(WHAT THIS TASK INVOLVES):
Copy the listing exactly, please, and keep every picture out of it.

════════════════════

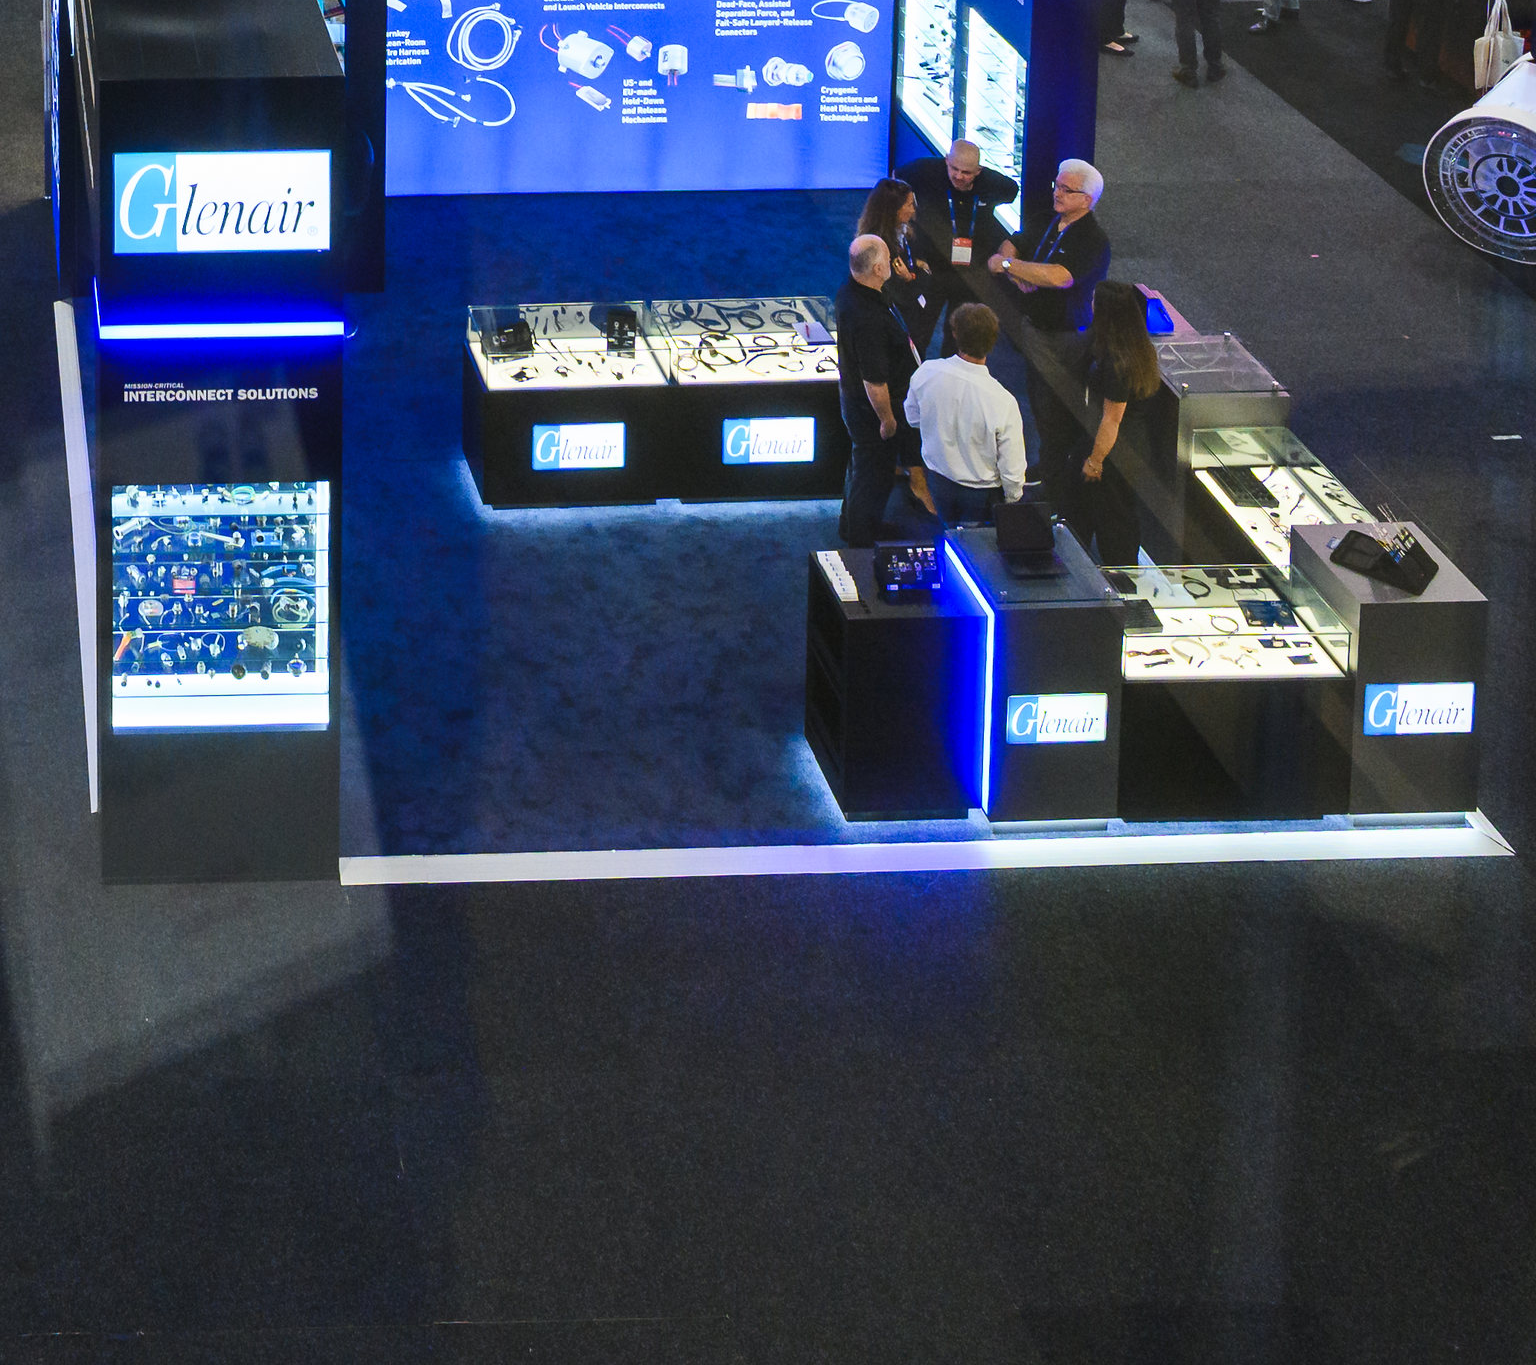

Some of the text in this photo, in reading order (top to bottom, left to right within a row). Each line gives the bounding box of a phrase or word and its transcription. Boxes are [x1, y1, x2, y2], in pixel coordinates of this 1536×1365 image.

[558, 3, 584, 11] Launch
[586, 2, 613, 10] Vehicle
[614, 2, 665, 10] Interconnects
[716, 0, 791, 9] Dead-Face, Assisted
[715, 18, 813, 27] Fail-Safe Lanyard-Release
[715, 28, 757, 37] Connectors
[623, 88, 657, 97] EU-made
[821, 86, 858, 96] Cryogenic
[622, 97, 664, 106] Hold-Down
[820, 104, 880, 114] Heat Dissipation
[621, 115, 667, 124] Mechanisms
[820, 114, 868, 123] Technologies
[119, 163, 316, 241] Glenair
[123, 387, 318, 402] INTERCONNECT SOLUTIONS
[534, 425, 618, 464] Glenair
[724, 422, 809, 459] Glenair
[1367, 687, 1466, 730] Glenair
[1010, 698, 1100, 739] Glenair
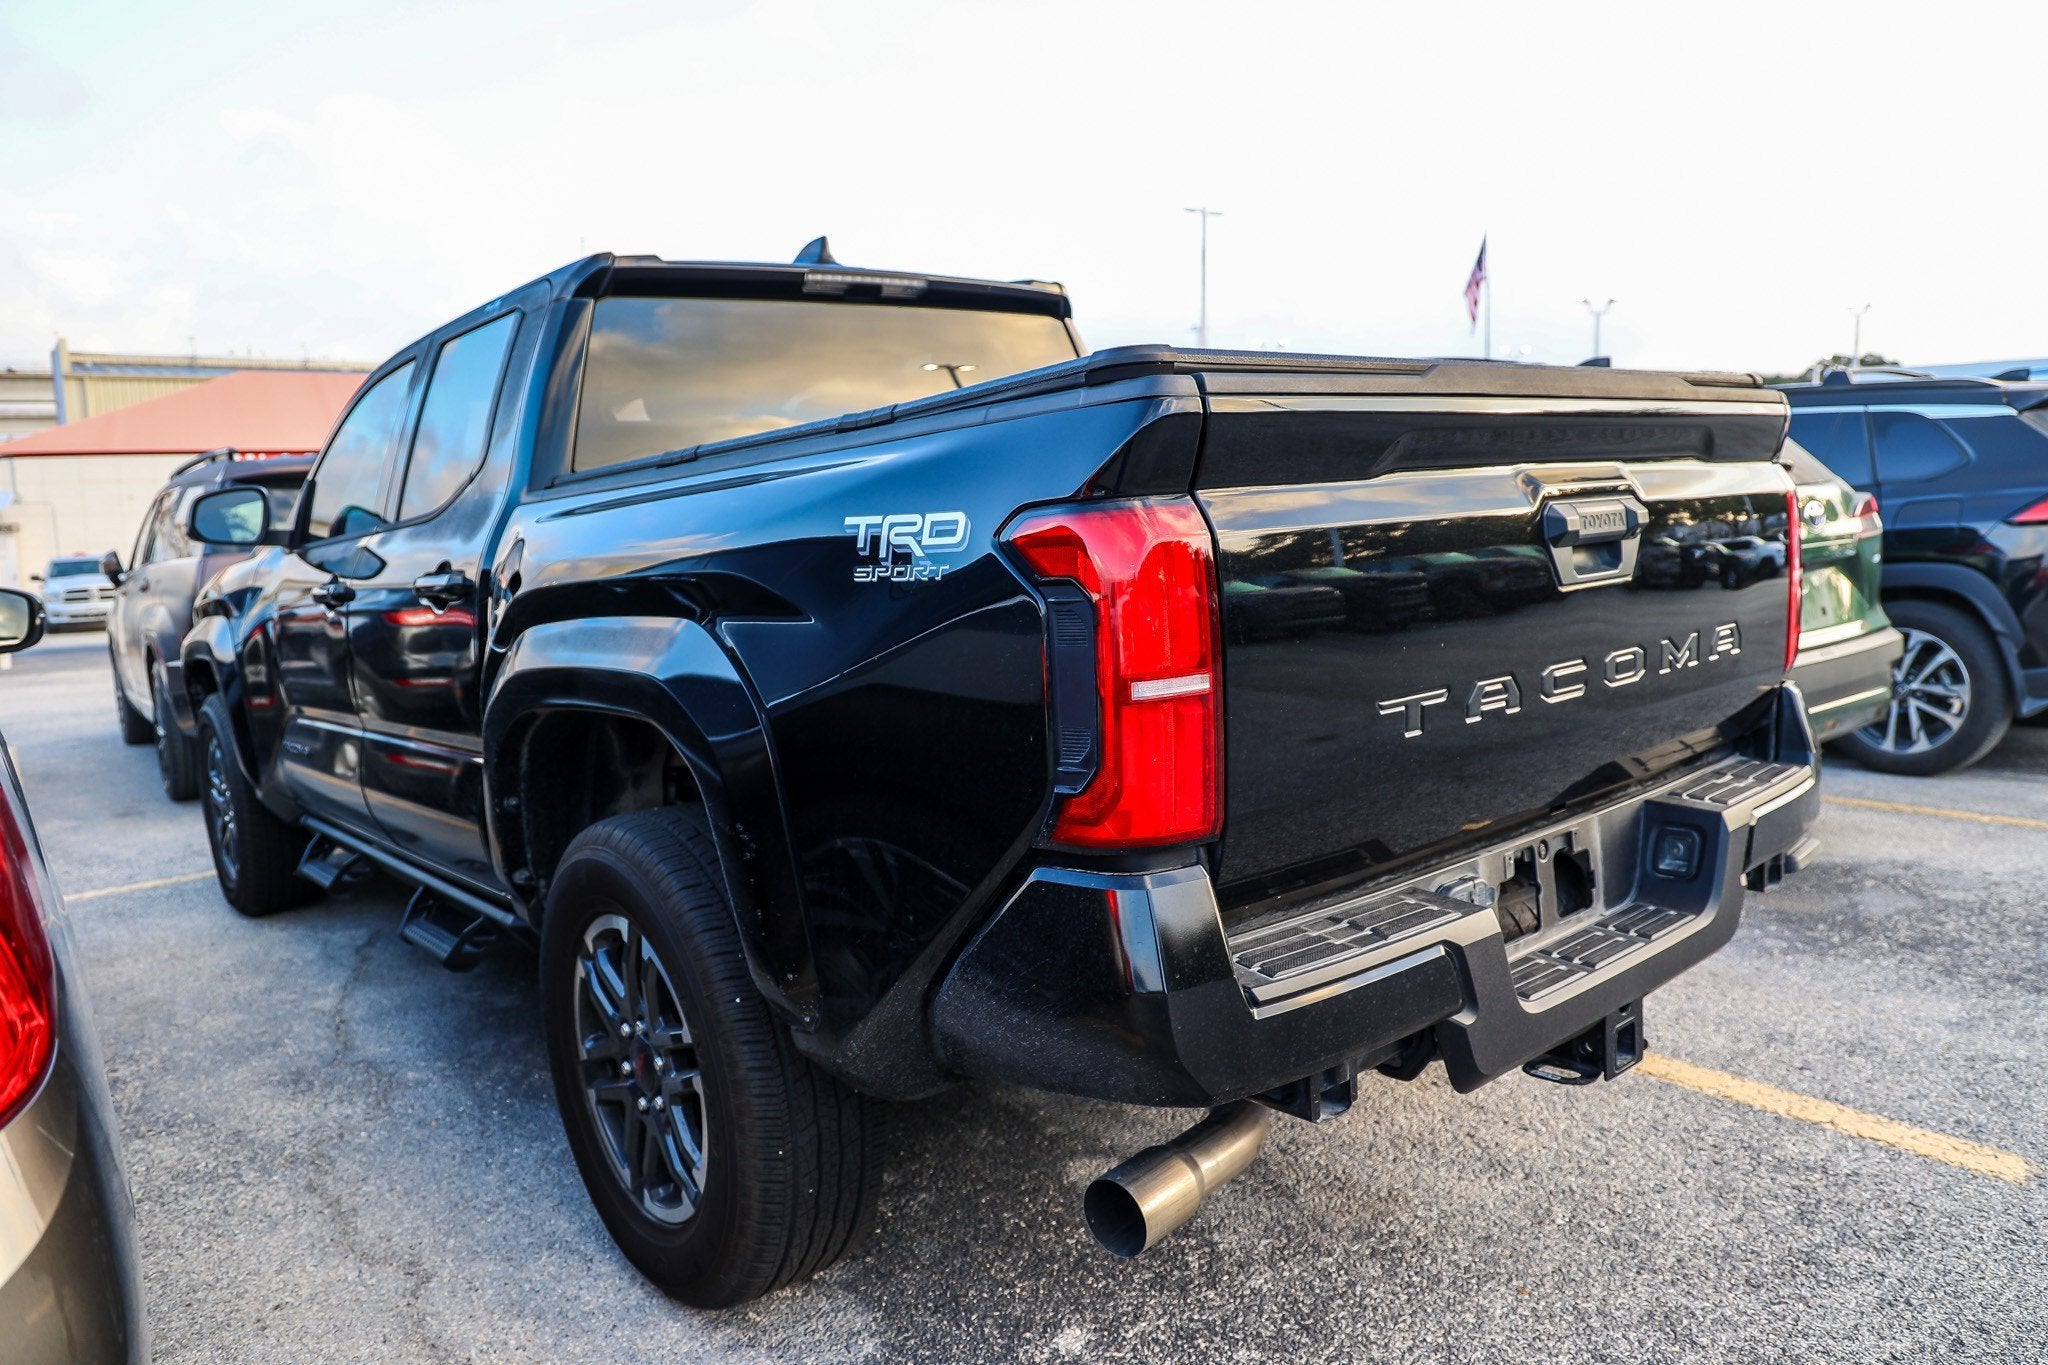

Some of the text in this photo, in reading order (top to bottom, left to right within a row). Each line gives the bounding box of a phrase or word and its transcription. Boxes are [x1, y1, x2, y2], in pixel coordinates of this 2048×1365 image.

[844, 511, 967, 558] TRD
[1581, 512, 1626, 530] TOYOTA
[853, 563, 949, 583] SPORT
[1376, 622, 1742, 739] TACOMA
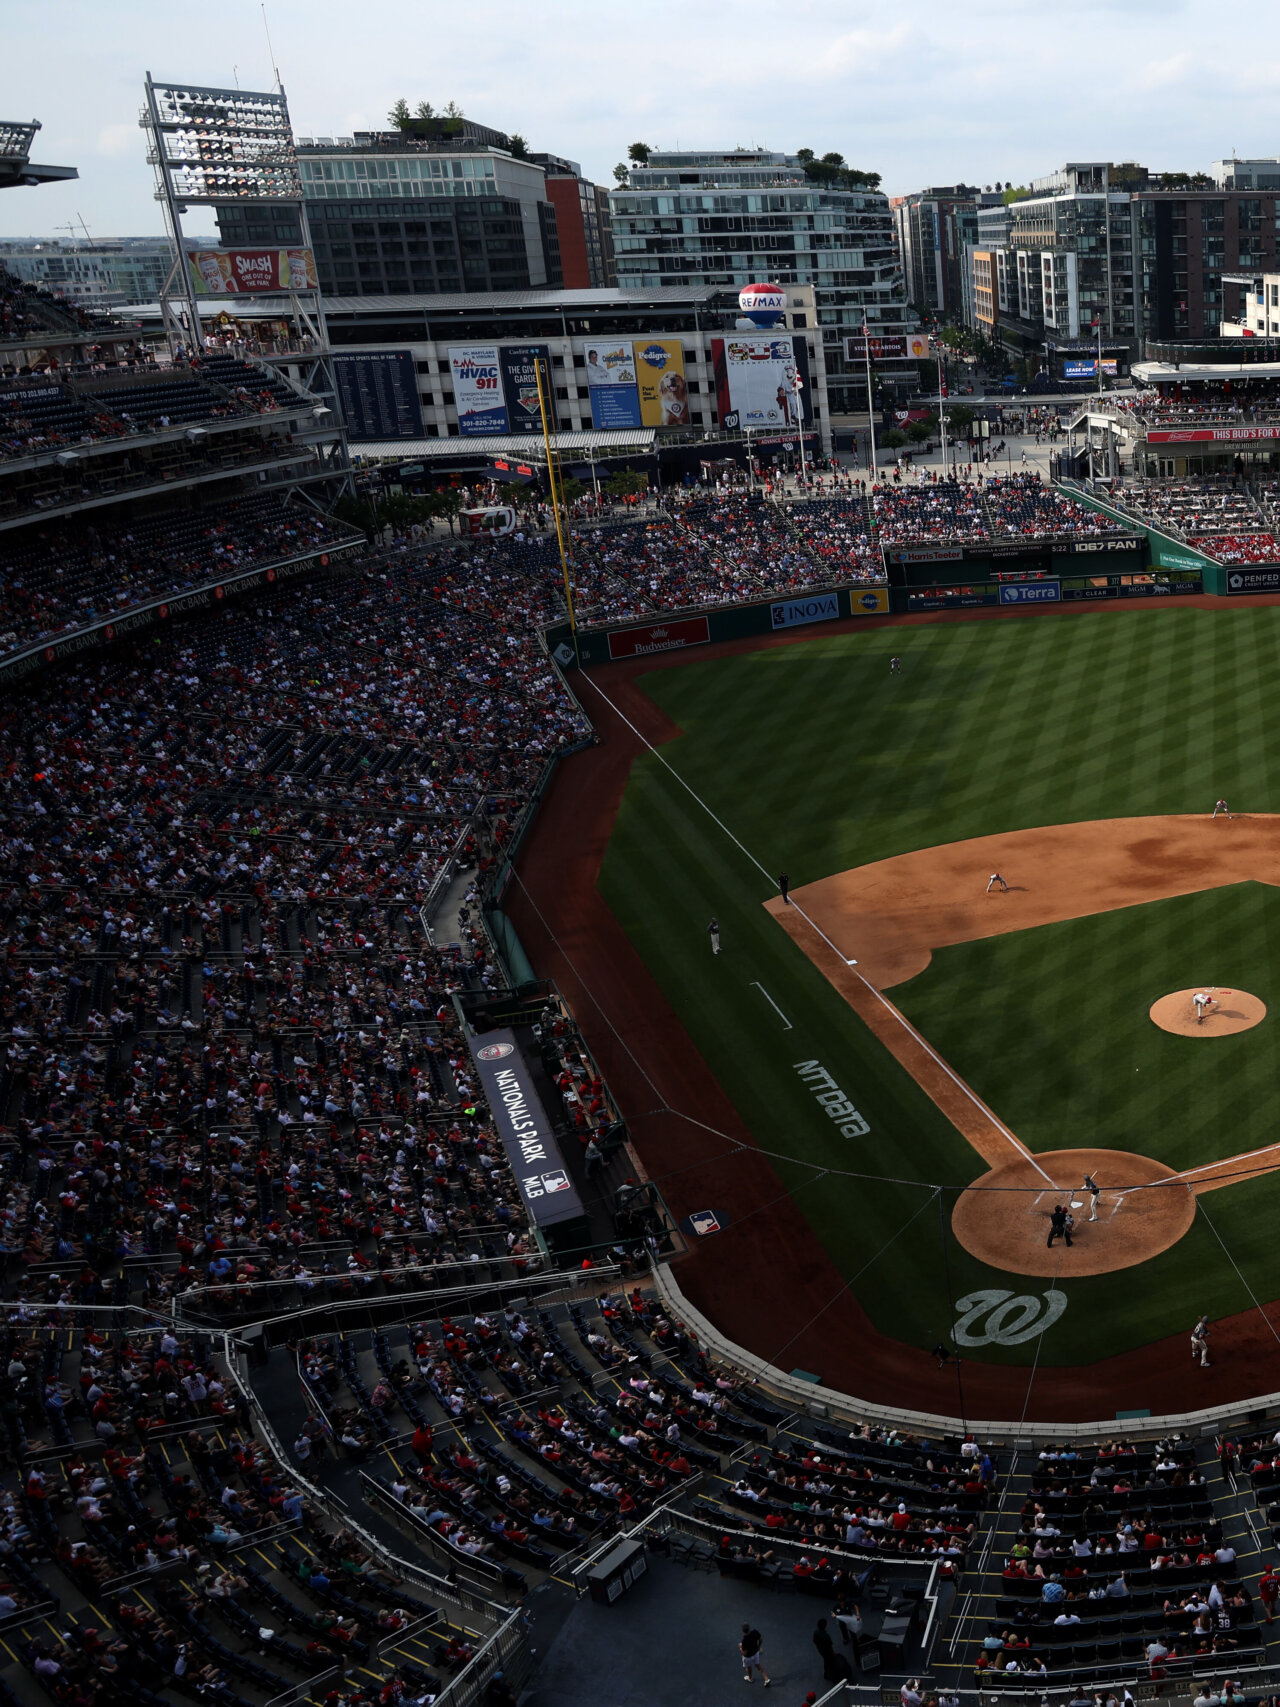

════════════════════

(COMPLETED EXERCISE):
Some of the text in this photo, in reading order (top to bottom, left to right within a row). Each line gives the bounding box of a phrase or word and its transcription. Boxes are [x1, y1, x2, y2], in pixel coordinates of this 1536×1365 image.

[558, 3, 584, 11] Launch
[586, 2, 613, 10] Vehicle
[614, 2, 665, 10] Interconnects
[716, 0, 791, 9] Dead-Face, Assisted
[715, 18, 813, 27] Fail-Safe Lanyard-Release
[715, 28, 757, 37] Connectors
[623, 88, 657, 97] EU-made
[821, 86, 858, 96] Cryogenic
[622, 97, 664, 106] Hold-Down
[820, 104, 880, 114] Heat Dissipation
[621, 115, 667, 124] Mechanisms
[820, 114, 868, 123] Technologies
[119, 163, 316, 241] Glenair
[123, 387, 318, 402] INTERCONNECT SOLUTIONS
[534, 425, 618, 464] Glenair
[724, 422, 809, 459] Glenair
[1367, 687, 1466, 730] Glenair
[1010, 698, 1100, 739] Glenair

Some of the text in this photo, in reading order (top to bottom, left to right within a row). Each line gives the bounding box of a phrase or word and its transcription. Boxes are [x1, y1, x2, y2], in pixel coordinates of this 2048×1365 image.

[844, 511, 967, 558] TRD
[1581, 512, 1626, 530] TOYOTA
[853, 563, 949, 583] SPORT
[1376, 622, 1742, 739] TACOMA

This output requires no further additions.